- Status: active
- Genre: Coffee festival
- Location(s): Sarajevo
- Country: Bosnia and Herzegovina
- Years active: 2014-present

= Coffee Fest Sarajevo =

Festival held in Sarajevo, Bosnia and Herzegovina

Coffee Fest Sarajevo is an international coffee festival that is held annually in Sarajevo, Bosnia and Herzegovina. The festival was established in 2014 by the Profesional Association in cooperation with the Bosnian Ministry of Trade. Festival partners include Robert Bosch GmbH and Tesla, Inc. It is held in numerous venues across the city, which include the Skenderija Center and MyFace.

The first edition of Coffee Fest Sarajevo was held from 24 to 27 February 2014 and hosted 29 brands that were showcased on 18 exhibition booths. Participating brands came from Brazil, Croatia, France, Greece, Hungary, Italy, Lebanon, the Netherlands, Poland, Portugal, Tunisia, Turkey, Serbia, Switzerland and the United States. It attracted over 10,000 visitors from Bosnia and Herzegovina and neighboring countries.
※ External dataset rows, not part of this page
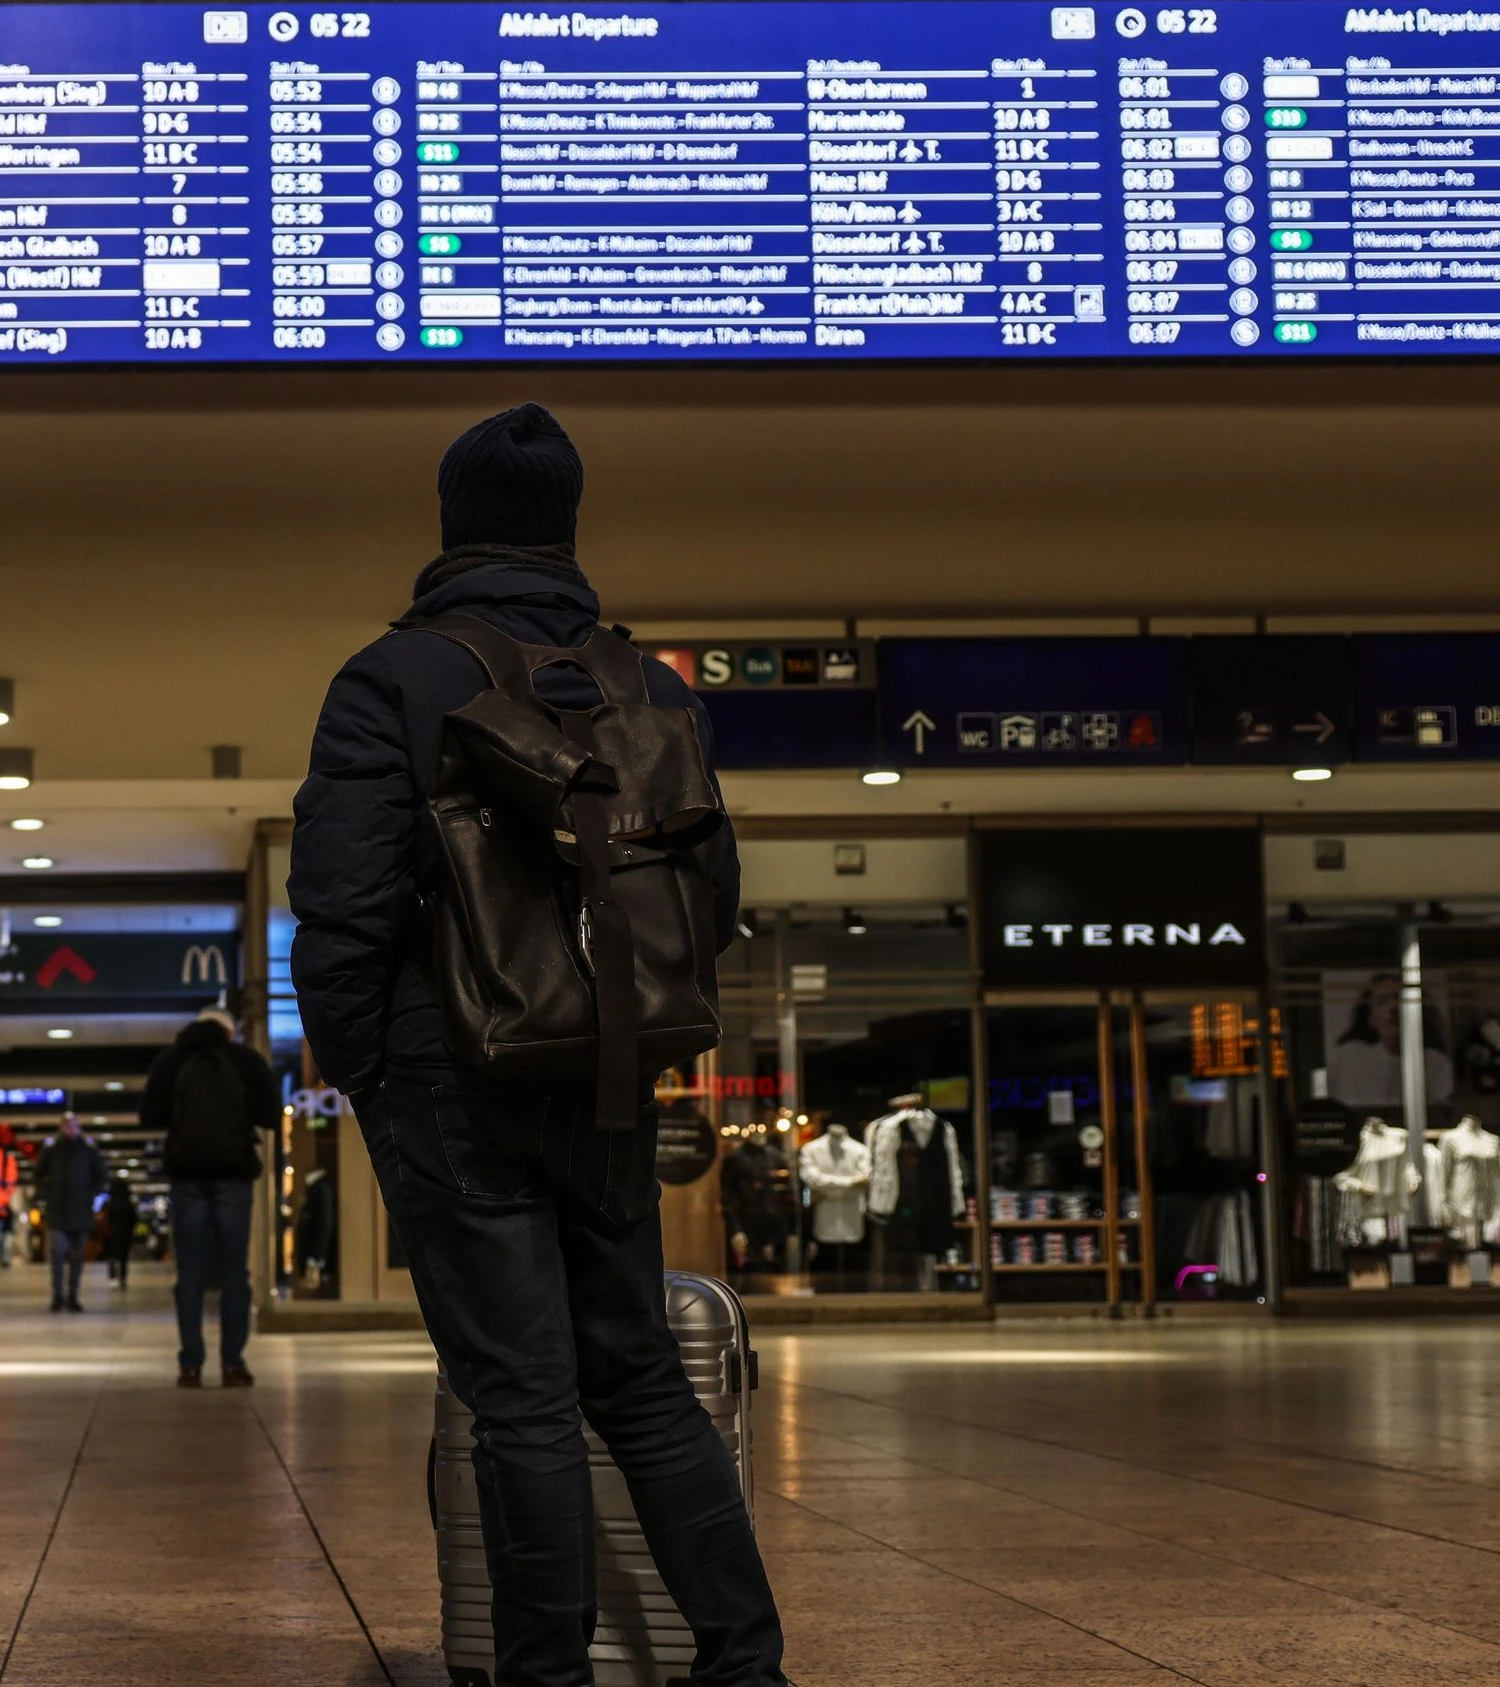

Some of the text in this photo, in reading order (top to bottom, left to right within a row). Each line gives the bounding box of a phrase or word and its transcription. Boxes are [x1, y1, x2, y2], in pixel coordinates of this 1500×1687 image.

[311, 14, 370, 37] 05 22
[500, 13, 658, 40] Abfahrt Departure
[1157, 10, 1216, 33] 05 22
[1345, 9, 1500, 35] Abfahrt Departure
[57, 80, 106, 106] (Sieg)
[1021, 78, 1035, 98] 1
[17, 112, 47, 134] Hbf
[271, 113, 321, 132] 05:54
[809, 110, 905, 130] Marienheide
[271, 143, 322, 163] 05:54
[810, 141, 897, 161] Düsseldorf
[1122, 137, 1172, 159] 06:02
[173, 174, 186, 194] 7
[811, 171, 887, 191] Mainz Hbf
[1123, 170, 1174, 190] 06:03
[17, 206, 47, 226] Hbf
[173, 205, 186, 225] 8
[812, 200, 896, 223] Köln/Bonn
[26, 234, 100, 260] Gladbach
[273, 235, 323, 255] 05:57
[813, 232, 900, 253] Düsseldorf
[71, 267, 101, 287] Hbf
[814, 261, 983, 286] Mönchengladbach Hbf
[1028, 262, 1042, 282] 8
[1127, 261, 1177, 281] 06:07
[274, 297, 324, 316] 06:00
[1128, 290, 1179, 312] 06:07
[17, 328, 66, 353] (Sieg)
[274, 328, 325, 347] 06:00
[816, 325, 864, 345] Düren
[1129, 323, 1180, 343] 06:07
[702, 649, 733, 685] S
[746, 662, 772, 675] Bus
[959, 732, 988, 748] WC
[1003, 923, 1247, 947] ETERNA
Exhibitors at the Coffee Fest Sarajevo are manufacturers, distributors and companies whose business include:
- Coffee, tea, tea biscuits, chocolate, milk, creamers, water, syrup, sugar, cocoa and other supplements for coffee and tea.
- Professional and home coffee-making machines and vending, water filters and cleaning agents.
- Organizations, institutions and associations dealing with catering, food, nutrition and medicine, as well as research, training, consultancy and certification of hot drinks and accompanying products.

==Barista training==
The organizers provide free training for over 50 baristas per edition. A team of international trainers donate their time, energy and knowledge while also showcasing their moves to audiences. Barista Training has been headed by the Delta Cafés company from Portugal since 2015.

==Latte Art Challenge==
An annual competition in Latte art design is also organized. A panel of international baristas judges the designs, with the winner receiving a cash prize.